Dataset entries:
Start of Block

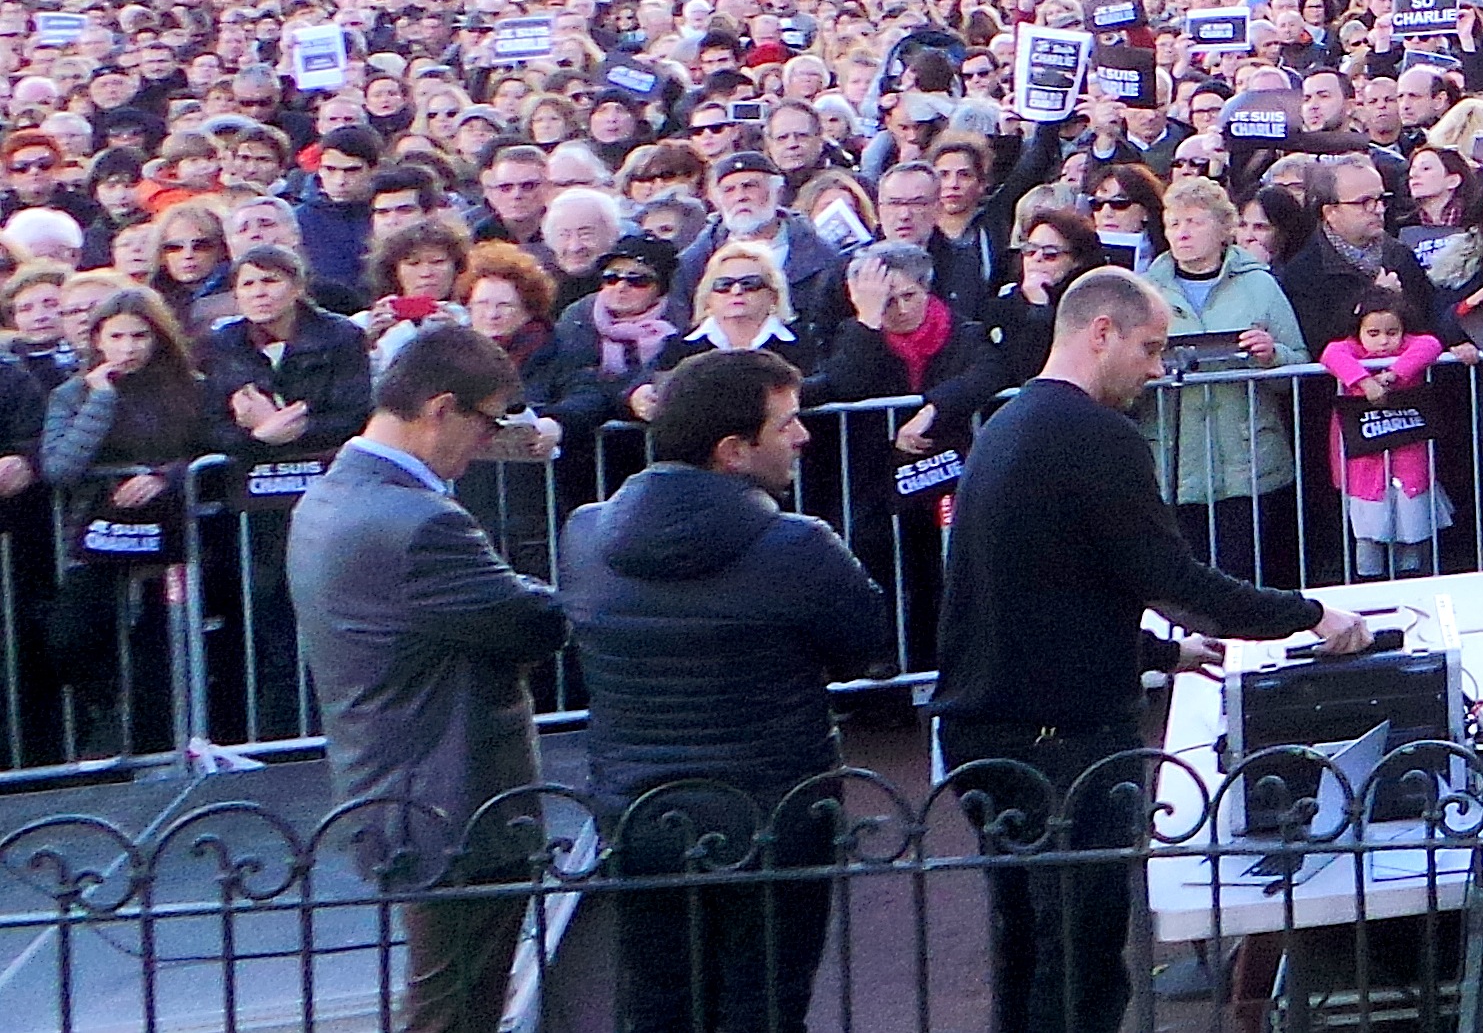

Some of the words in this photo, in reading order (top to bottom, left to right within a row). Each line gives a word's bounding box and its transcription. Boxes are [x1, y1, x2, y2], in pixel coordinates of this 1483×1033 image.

[1393, 9, 1456, 26] CHARLIE
[1230, 112, 1250, 122] JE
[1254, 111, 1285, 122] SUIS
[1230, 122, 1286, 138] CHARLIE
[1360, 410, 1381, 422] JE
[1382, 409, 1420, 418] SUIS
[1361, 416, 1426, 438] CHARLIE
[895, 464, 917, 479] JE
[915, 450, 959, 472] SUIS
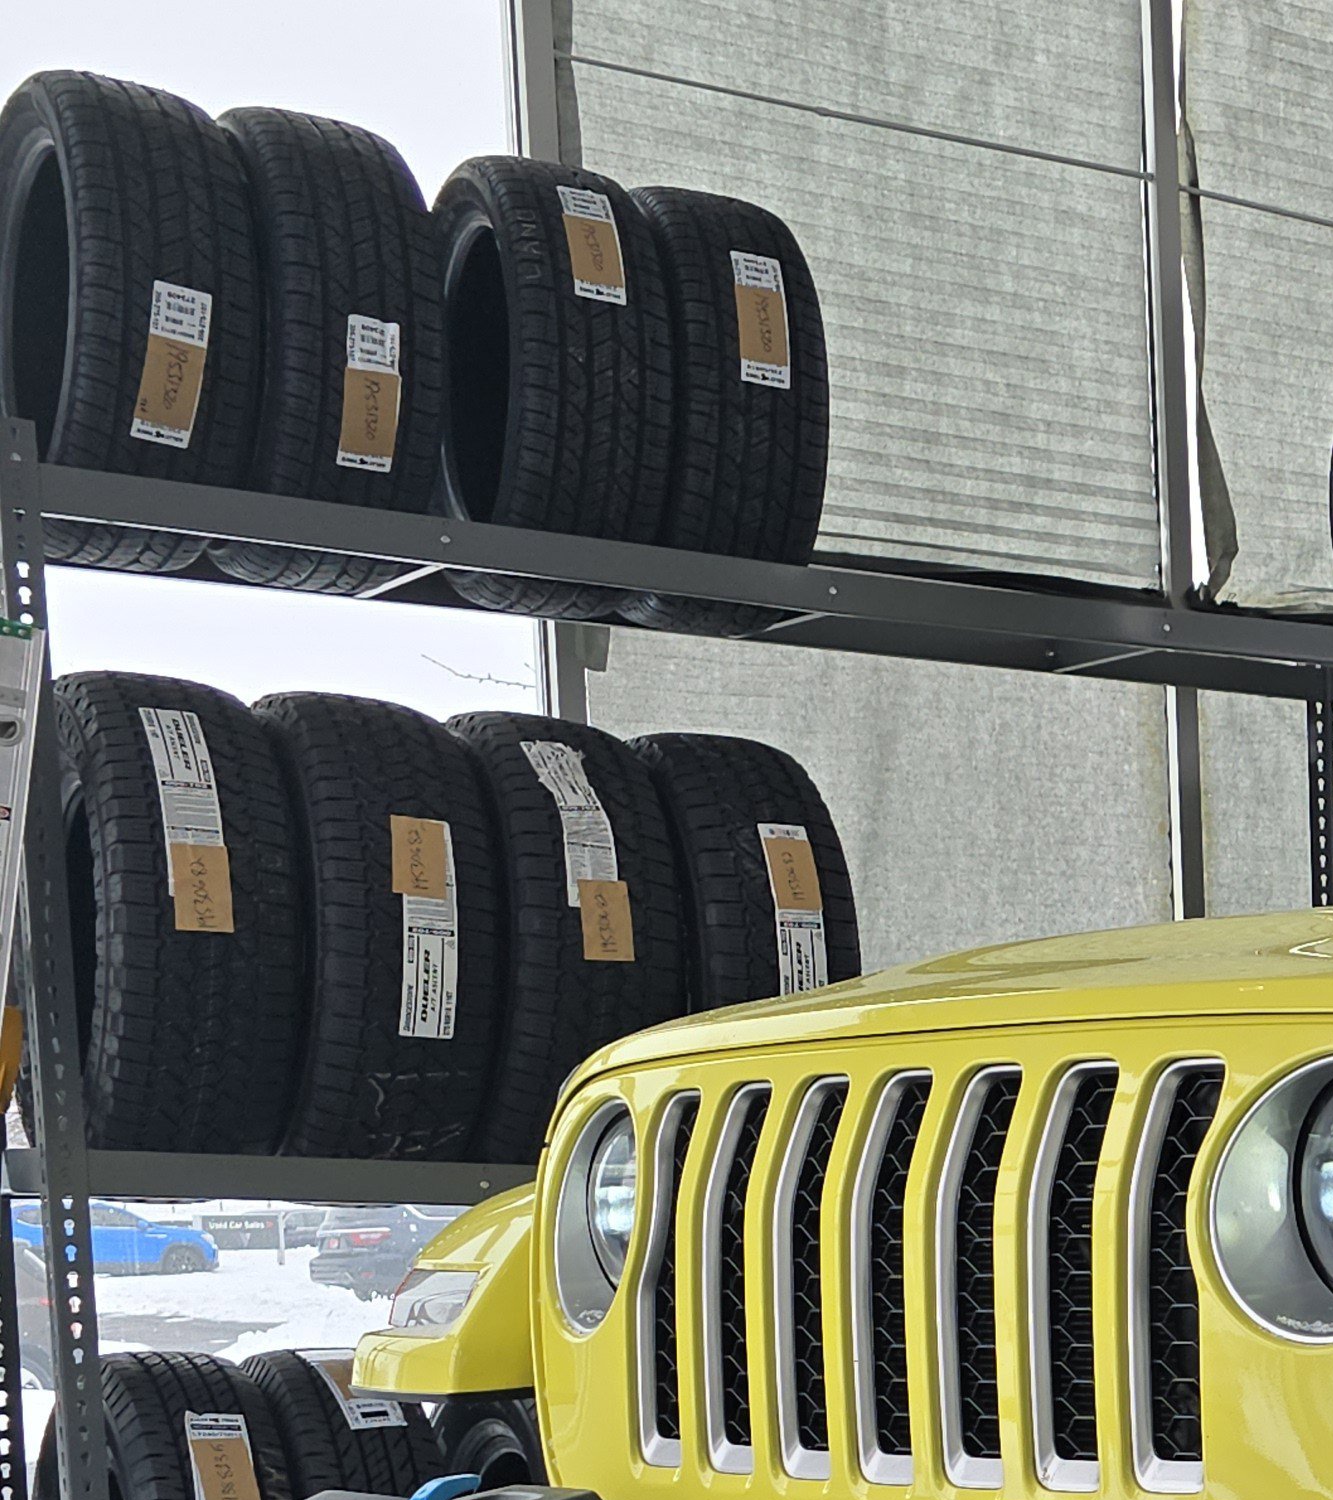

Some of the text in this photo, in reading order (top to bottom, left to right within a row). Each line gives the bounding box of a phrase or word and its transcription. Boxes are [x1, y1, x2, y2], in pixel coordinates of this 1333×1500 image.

[171, 718, 193, 771] DUELER
[420, 949, 431, 1023] DUELER
[229, 1220, 243, 1229] Car
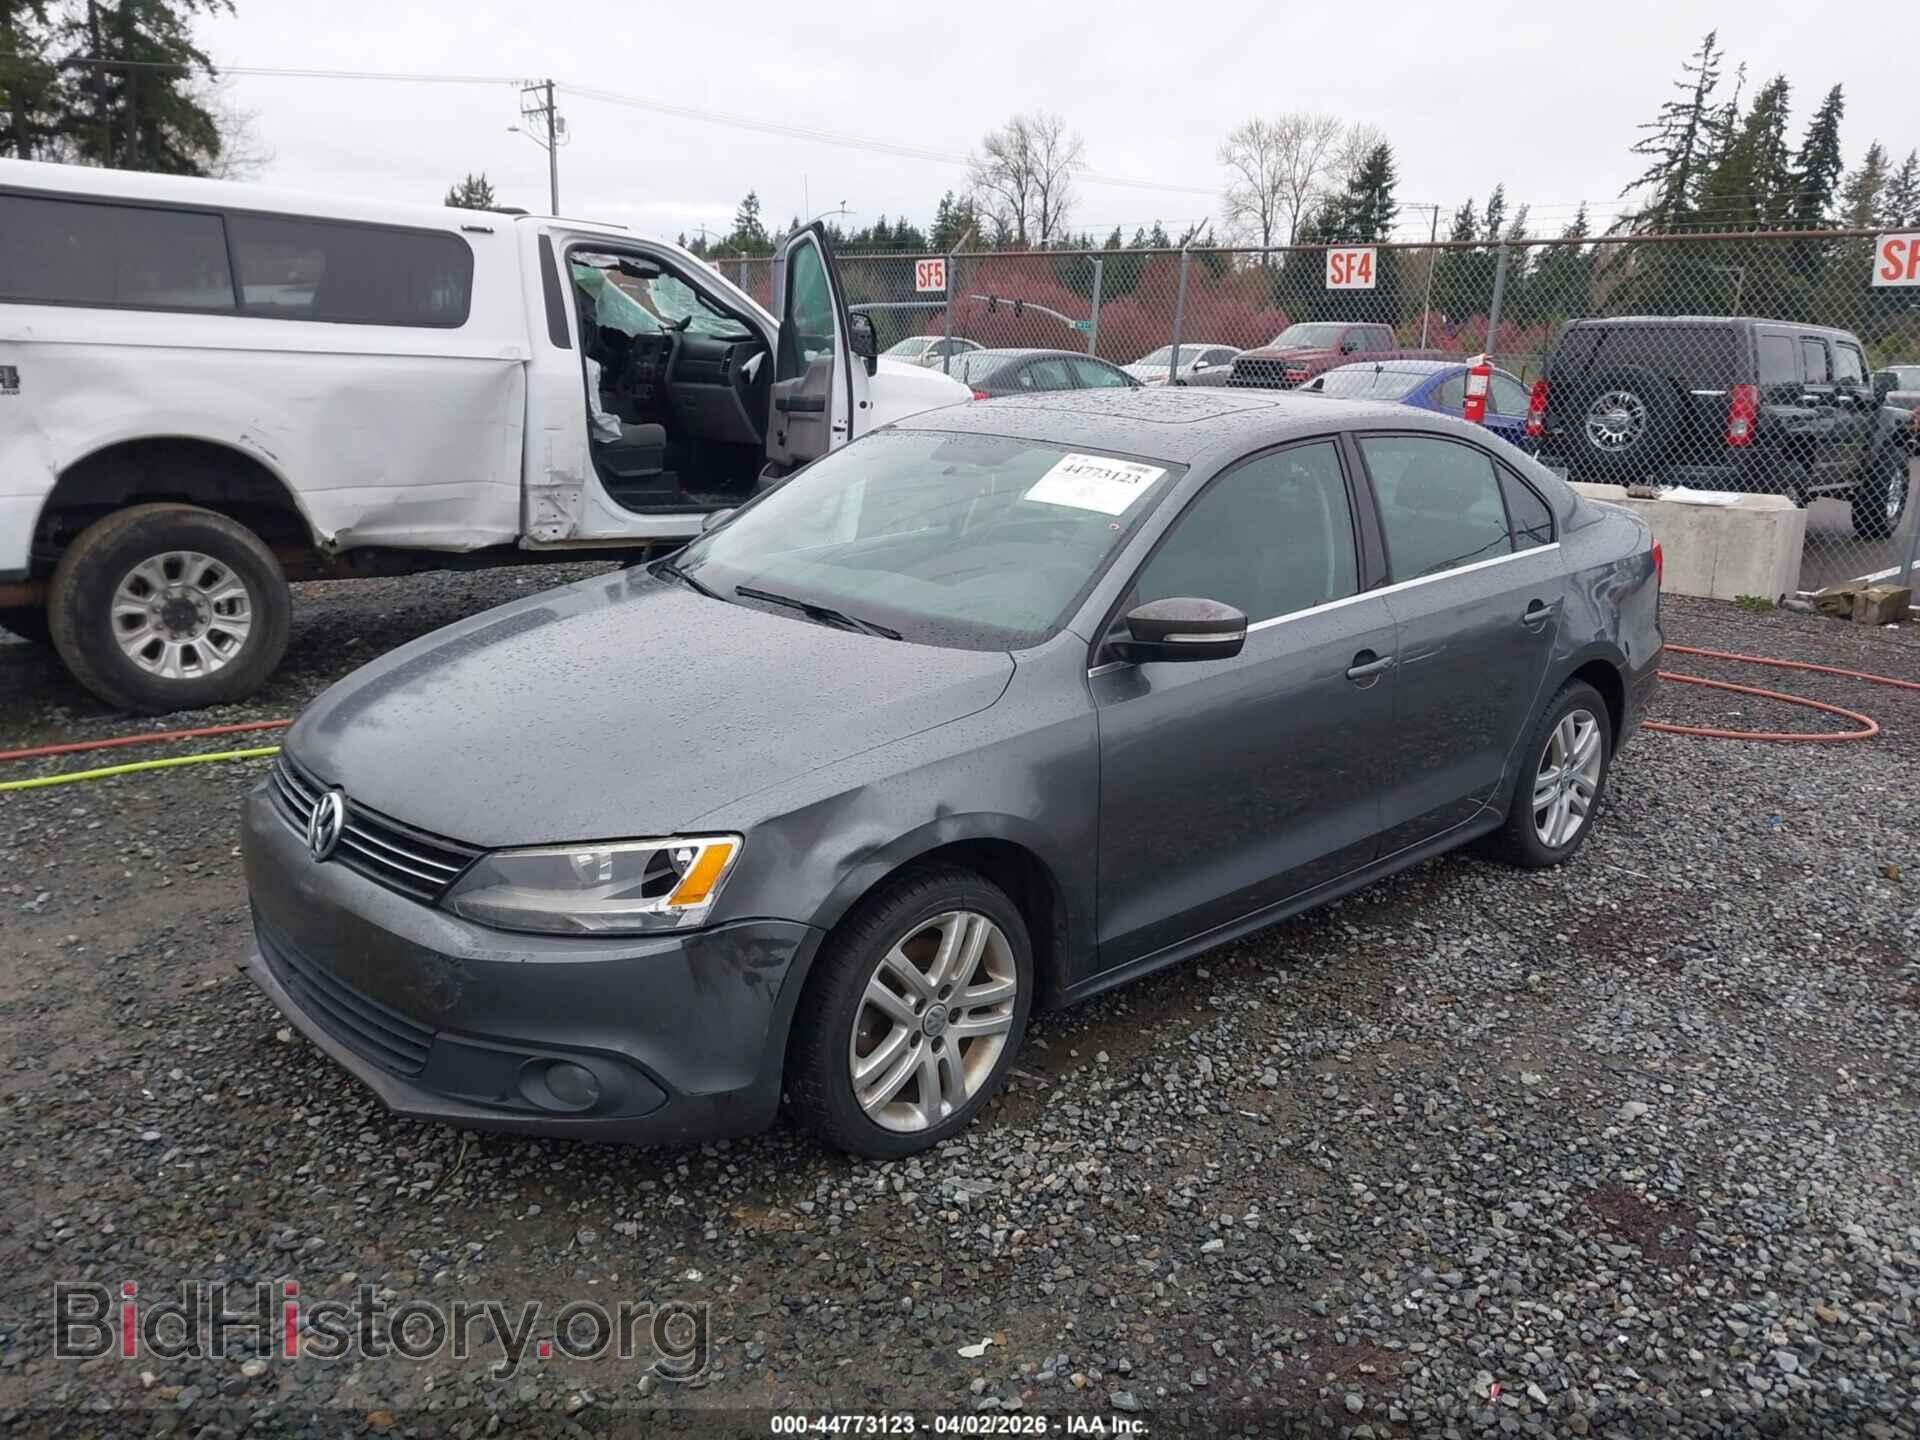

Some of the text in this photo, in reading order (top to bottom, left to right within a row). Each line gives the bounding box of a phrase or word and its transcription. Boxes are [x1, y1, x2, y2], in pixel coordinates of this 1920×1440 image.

[918, 263, 943, 287] SF5
[1331, 253, 1371, 284] SF4
[1063, 464, 1142, 485] 44773123
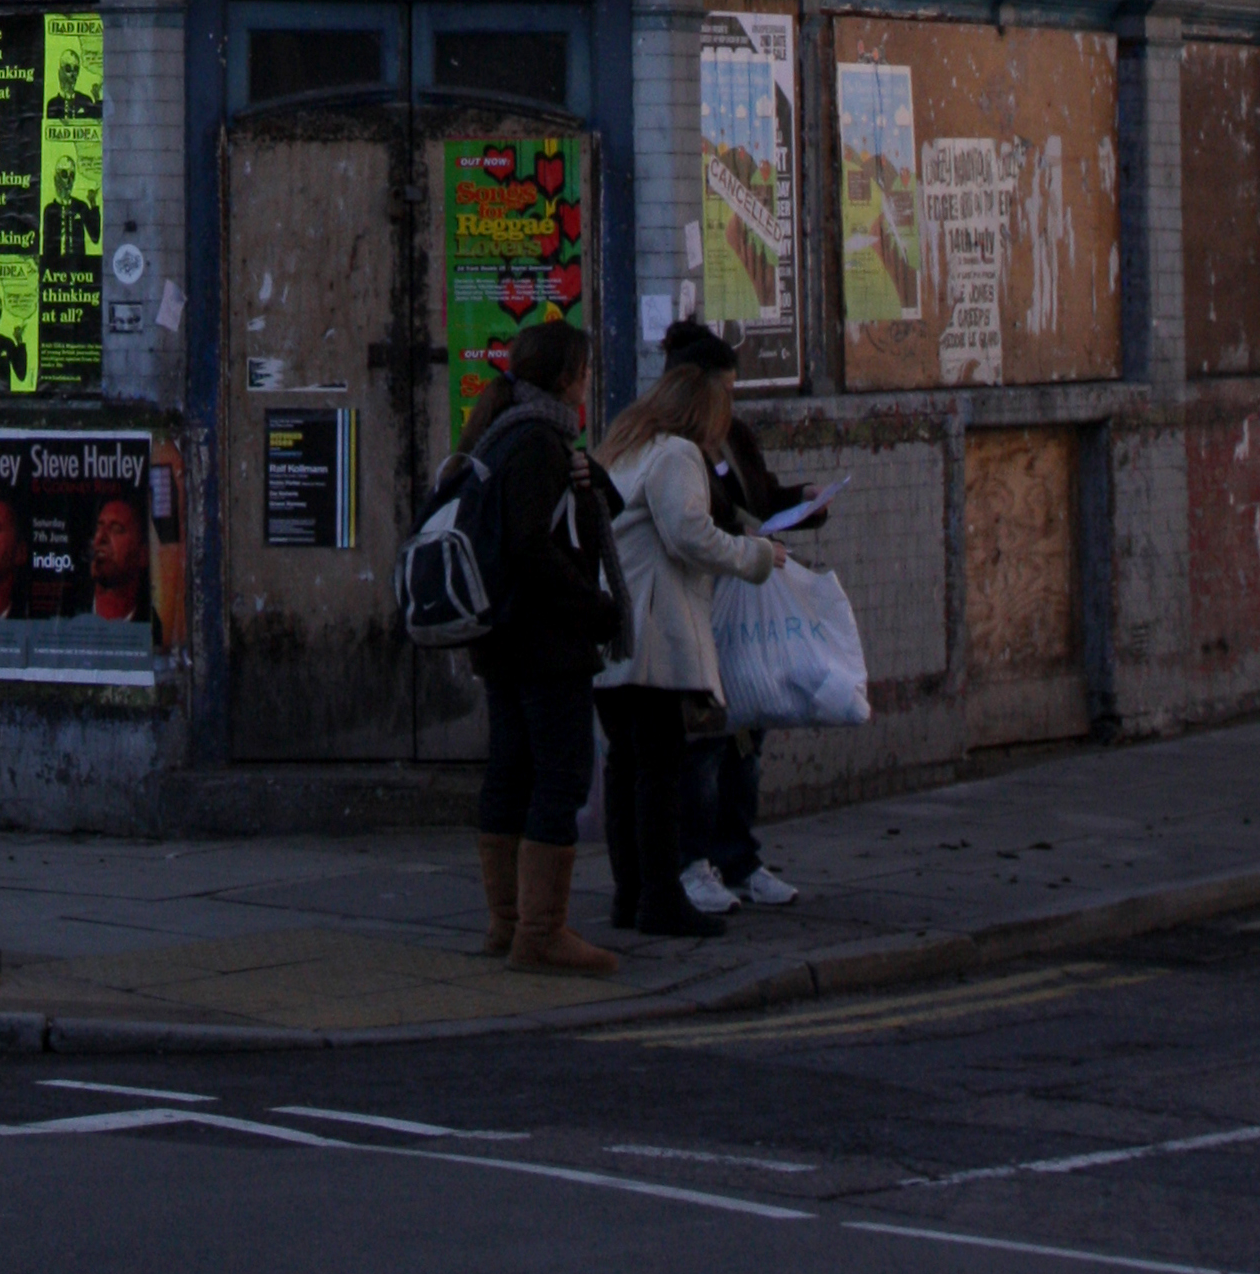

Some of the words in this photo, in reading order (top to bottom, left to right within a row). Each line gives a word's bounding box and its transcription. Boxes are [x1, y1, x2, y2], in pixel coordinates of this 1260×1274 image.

End of Block

**Description of the task**: Word for word, repeat each record above; leave out every picture.

**Output for this task**:
Some of the words in this photo, in reading order (top to bottom, left to right within a row). Each line gives a word's bounding box and its transcription. Boxes are [x1, y1, x2, y2], in pixel coordinates of this 1483×1033 image.

[1393, 9, 1456, 26] CHARLIE
[1230, 112, 1250, 122] JE
[1254, 111, 1285, 122] SUIS
[1230, 122, 1286, 138] CHARLIE
[1360, 410, 1381, 422] JE
[1382, 409, 1420, 418] SUIS
[1361, 416, 1426, 438] CHARLIE
[895, 464, 917, 479] JE
[915, 450, 959, 472] SUIS

Some of the text in this photo, in reading order (top to bottom, left to right within a row). Each line gives the bounding box of a phrase or word and its transcription. Boxes are [x1, y1, x2, y2], in pixel coordinates of this 1333×1500 image.

[171, 718, 193, 771] DUELER
[420, 949, 431, 1023] DUELER
[229, 1220, 243, 1229] Car

Some of the text in this photo, in reading order (top to bottom, left to right within a row). Each line gives the bounding box of a phrase or word and its transcription. Boxes are [x1, y1, x2, y2], in pixel coordinates of this 1920×1440 image.

[918, 263, 943, 287] SF5
[1331, 253, 1371, 284] SF4
[1063, 464, 1142, 485] 44773123

Some of the words in this photo, in reading order (top to bottom, left to right within a row). Each line gives a word's bounding box and its transcription. Boxes are [x1, y1, x2, y2], in pixel coordinates of this 1260×1274 image.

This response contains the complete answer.